DATASET RECORDS below:

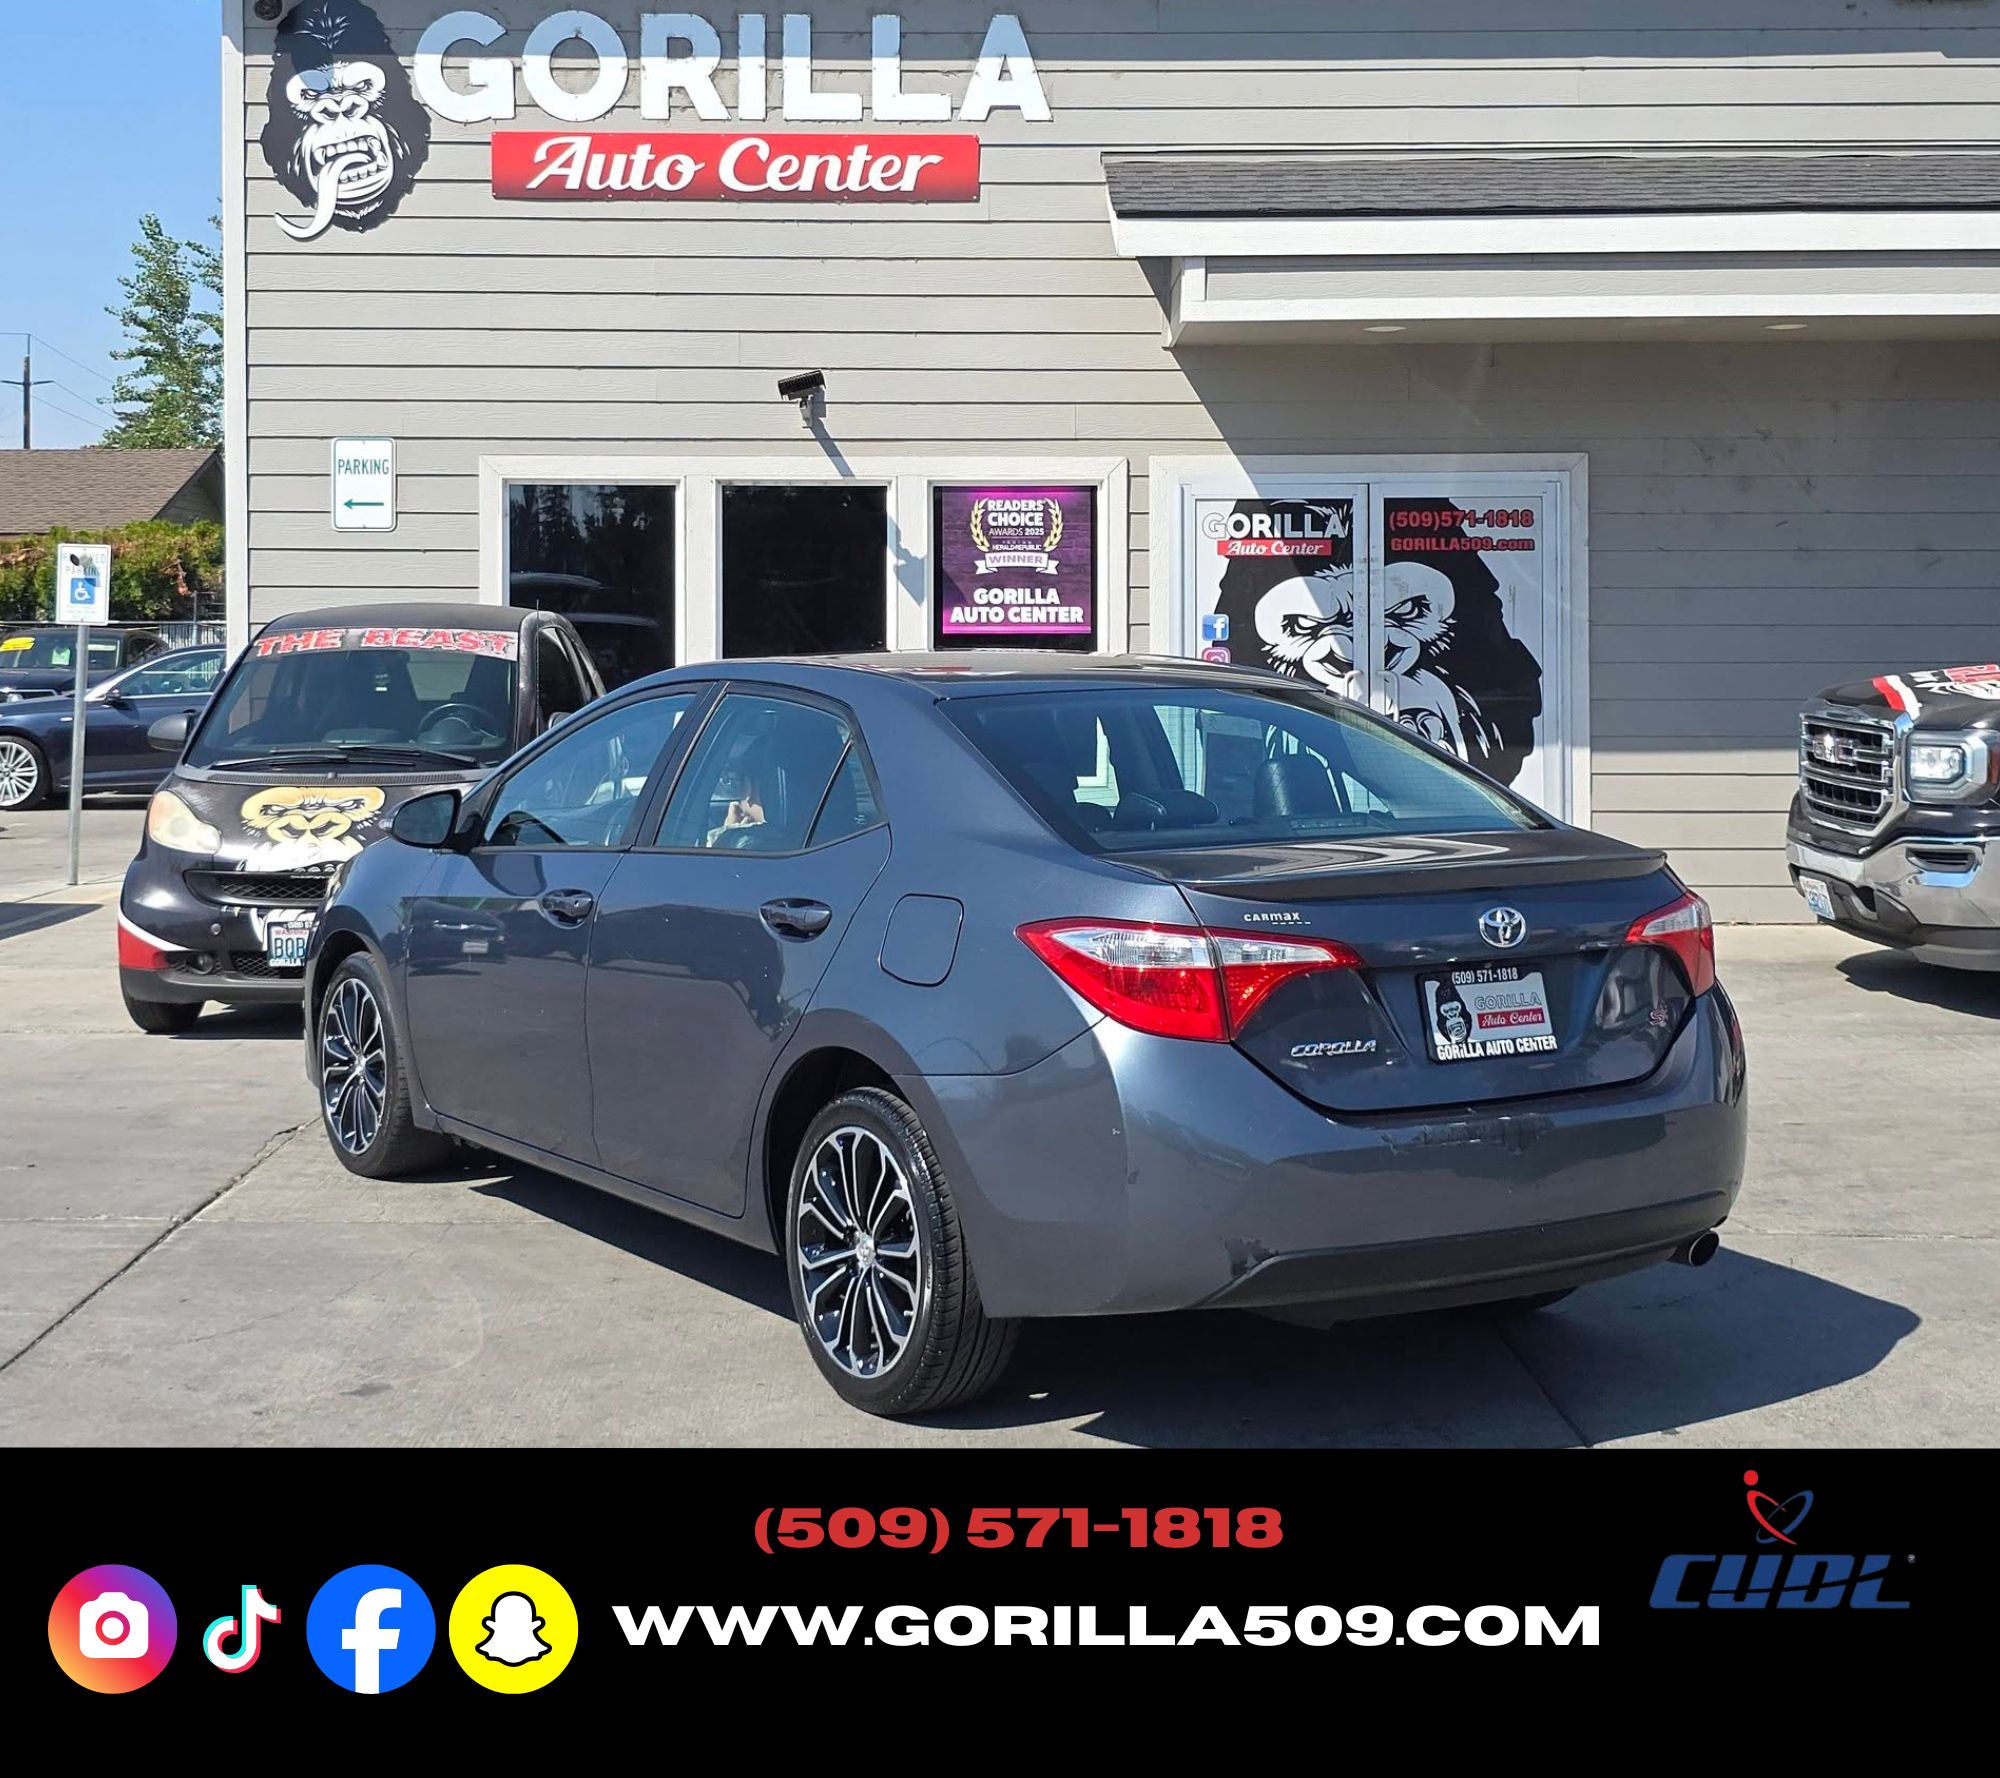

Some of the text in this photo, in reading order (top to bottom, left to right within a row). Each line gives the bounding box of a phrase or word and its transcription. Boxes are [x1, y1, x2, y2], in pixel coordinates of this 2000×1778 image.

[412, 9, 1054, 123] GORILLA
[526, 135, 944, 193] Auto Center
[338, 458, 390, 475] PARKING
[987, 512, 1044, 527] CHOICE
[1202, 512, 1346, 540] GORILLA
[1388, 509, 1535, 532] (509)571-1818
[988, 527, 1044, 536] AWARDS 2025
[1227, 540, 1324, 556] Auto Center
[1390, 536, 1535, 551] GORILLA509.com
[988, 554, 1043, 564] WINNER
[973, 588, 1060, 605] GORILLA
[950, 606, 1084, 623] AUTO CENTER
[255, 628, 517, 657] THE BEAST
[1451, 967, 1519, 984] (509) 571-1818
[1475, 991, 1541, 1010] GORILLA
[1481, 1011, 1543, 1027] Auto Center
[1291, 1039, 1377, 1058] COROLLA
[1486, 1040, 1515, 1056] AUTO
[1516, 1035, 1558, 1053] CENTER

End of DATASET RECORDS.

BRIEF: The goal is an exact reprint of the entries, leaving out the pictures.

TASK ANSWER:
Some of the text in this photo, in reading order (top to bottom, left to right within a row). Each line gives the bounding box of a phrase or word and its transcription. Boxes are [x1, y1, x2, y2], in pixel coordinates of this 2000×1778 image.

[412, 9, 1054, 123] GORILLA
[526, 135, 944, 193] Auto Center
[338, 458, 390, 475] PARKING
[987, 512, 1044, 527] CHOICE
[1202, 512, 1346, 540] GORILLA
[1388, 509, 1535, 532] (509)571-1818
[988, 527, 1044, 536] AWARDS 2025
[1227, 540, 1324, 556] Auto Center
[1390, 536, 1535, 551] GORILLA509.com
[988, 554, 1043, 564] WINNER
[973, 588, 1060, 605] GORILLA
[950, 606, 1084, 623] AUTO CENTER
[255, 628, 517, 657] THE BEAST
[1451, 967, 1519, 984] (509) 571-1818
[1475, 991, 1541, 1010] GORILLA
[1481, 1011, 1543, 1027] Auto Center
[1291, 1039, 1377, 1058] COROLLA
[1486, 1040, 1515, 1056] AUTO
[1516, 1035, 1558, 1053] CENTER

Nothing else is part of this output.